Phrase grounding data

════

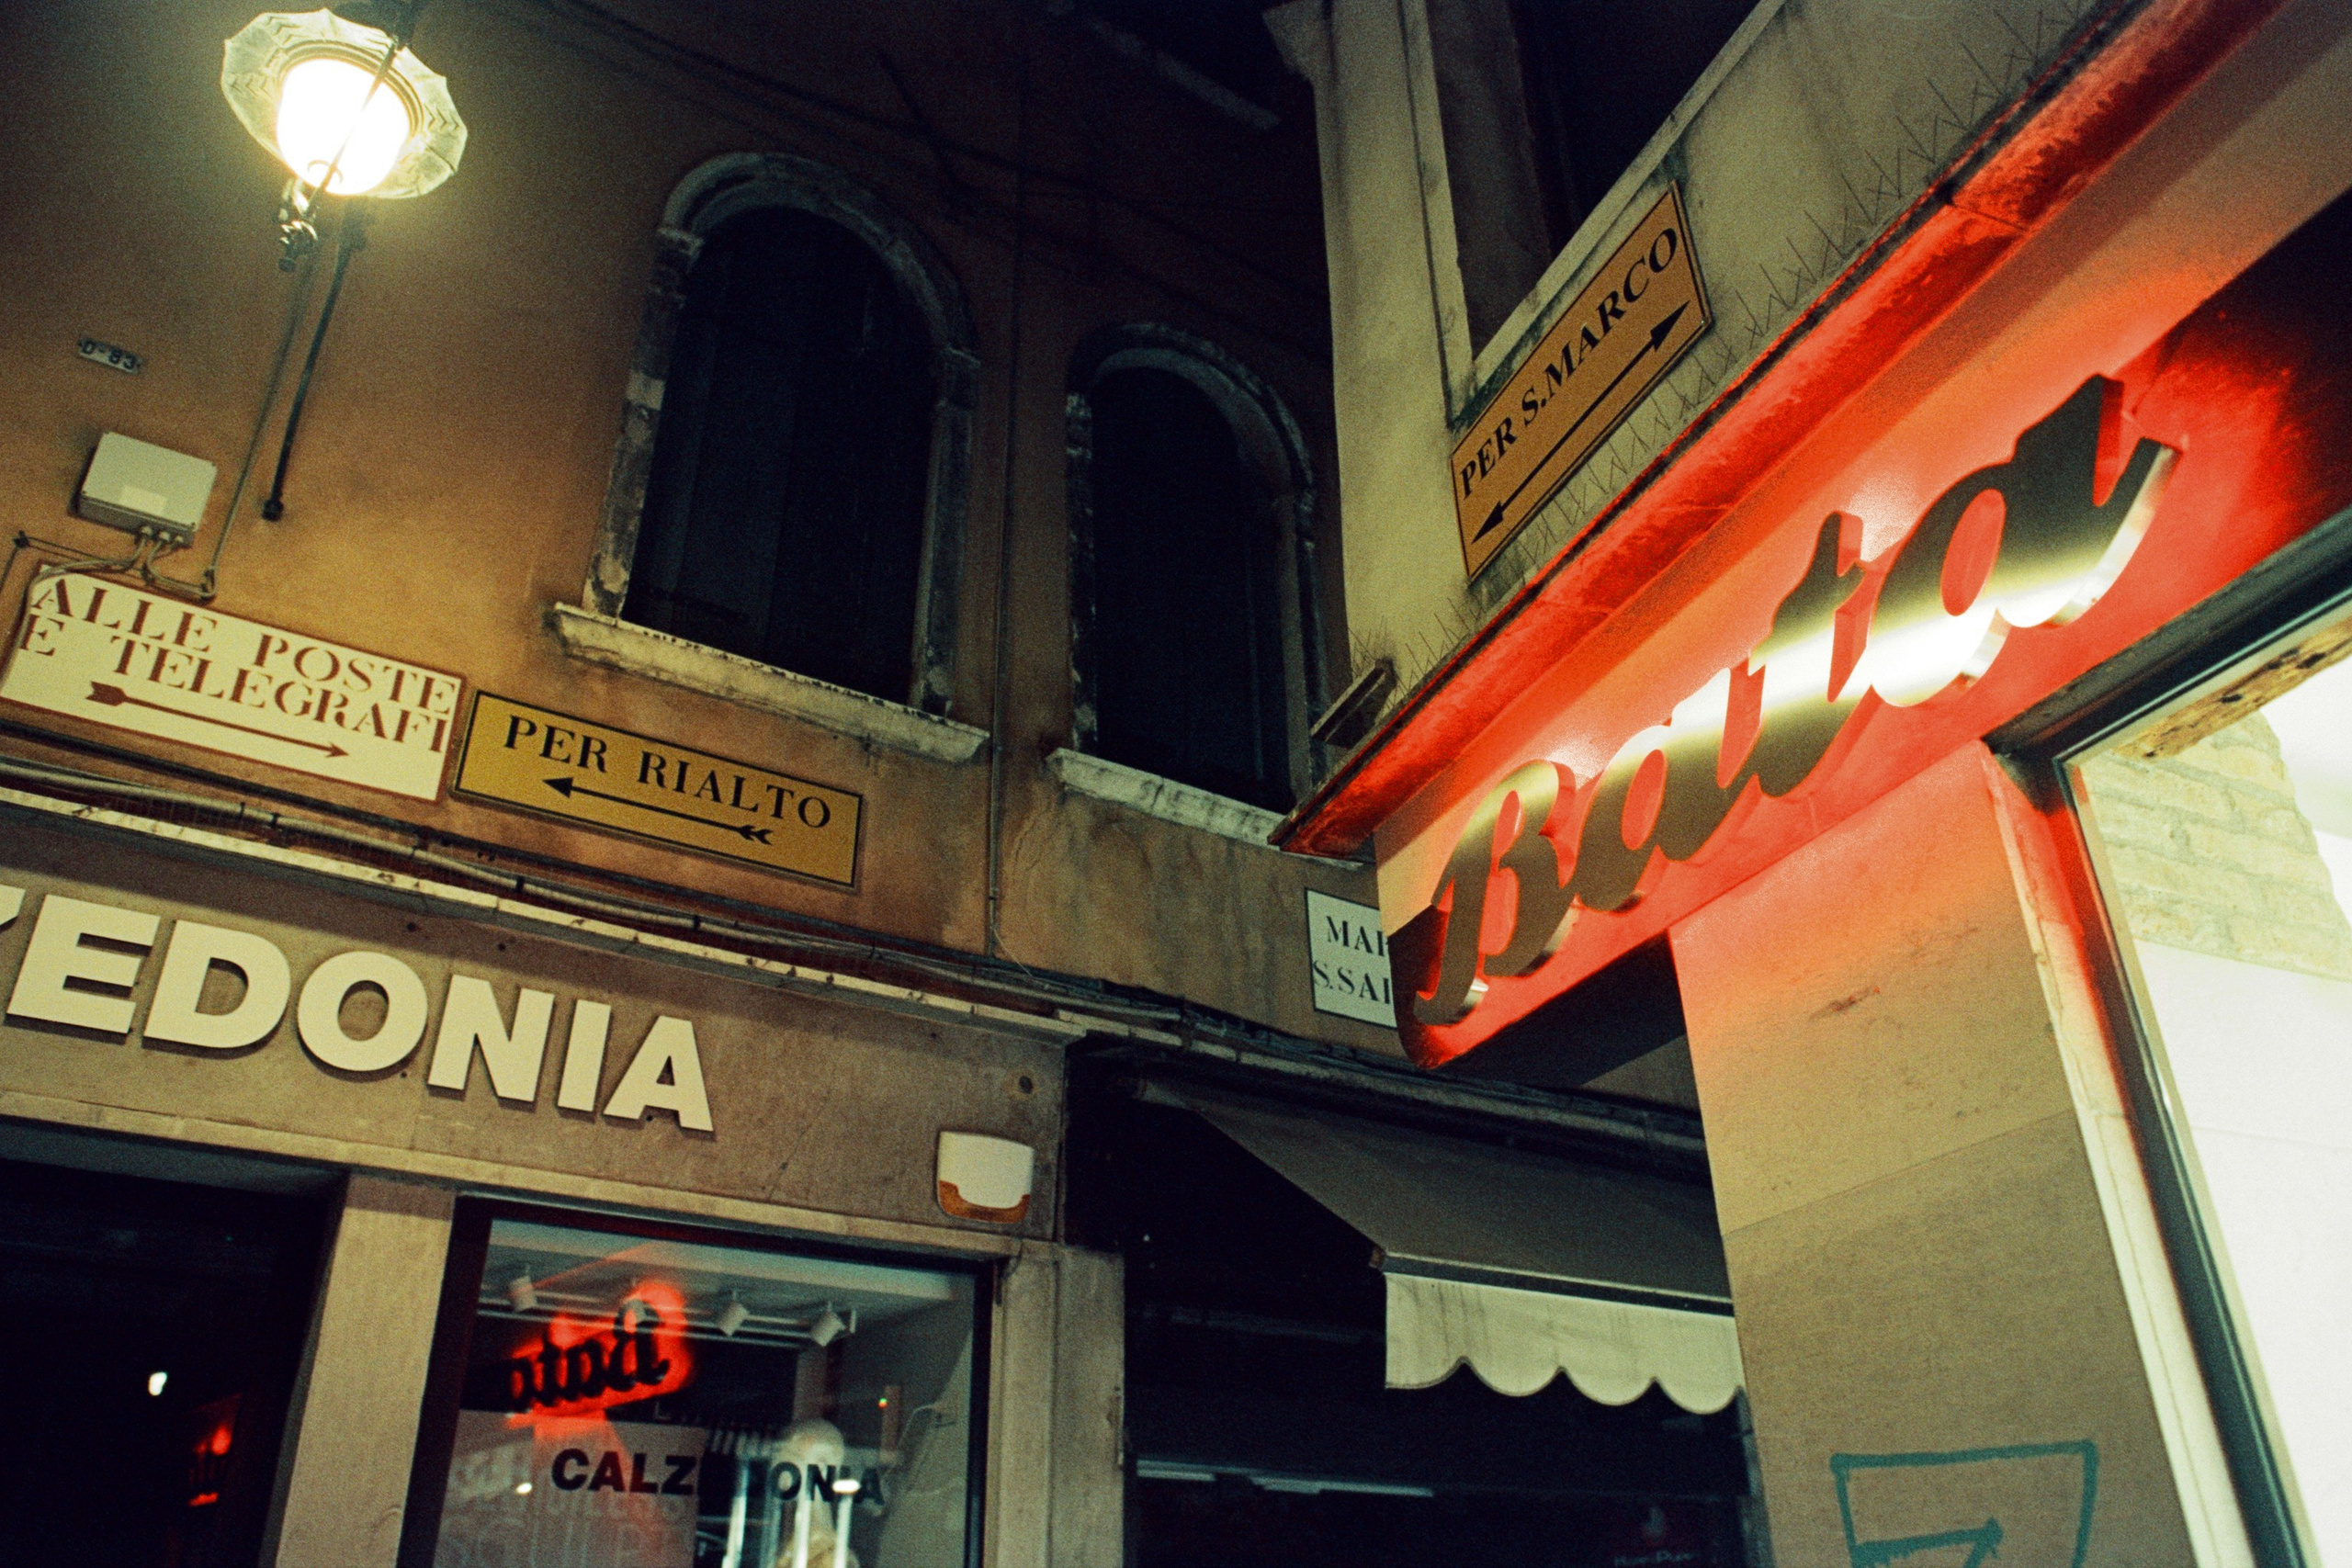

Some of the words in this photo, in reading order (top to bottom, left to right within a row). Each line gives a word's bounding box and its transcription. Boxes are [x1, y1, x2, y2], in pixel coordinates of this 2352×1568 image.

[1459, 418, 1518, 500] PER
[1521, 227, 1678, 427] S.MARCO
[18, 613, 65, 657] E
[109, 634, 453, 754] TELEGRAFI
[30, 578, 217, 652] ALLE
[251, 633, 457, 716] POSTE
[1413, 372, 2183, 1026] Bata
[503, 715, 609, 774] PER
[636, 750, 832, 829] RIALTO
[0, 884, 714, 1133] EDONIA

════

[WHAT NEEDS TO BE DONE]
Each record is to be written out exactly. No picture goes in.

[COMPLETED EXERCISE]
Some of the words in this photo, in reading order (top to bottom, left to right within a row). Each line gives a word's bounding box and its transcription. Boxes are [x1, y1, x2, y2], in pixel coordinates of this 2352×1568 image.

[1459, 418, 1518, 500] PER
[1521, 227, 1678, 427] S.MARCO
[18, 613, 65, 657] E
[109, 634, 453, 754] TELEGRAFI
[30, 578, 217, 652] ALLE
[251, 633, 457, 716] POSTE
[1413, 372, 2183, 1026] Bata
[503, 715, 609, 774] PER
[636, 750, 832, 829] RIALTO
[0, 884, 714, 1133] EDONIA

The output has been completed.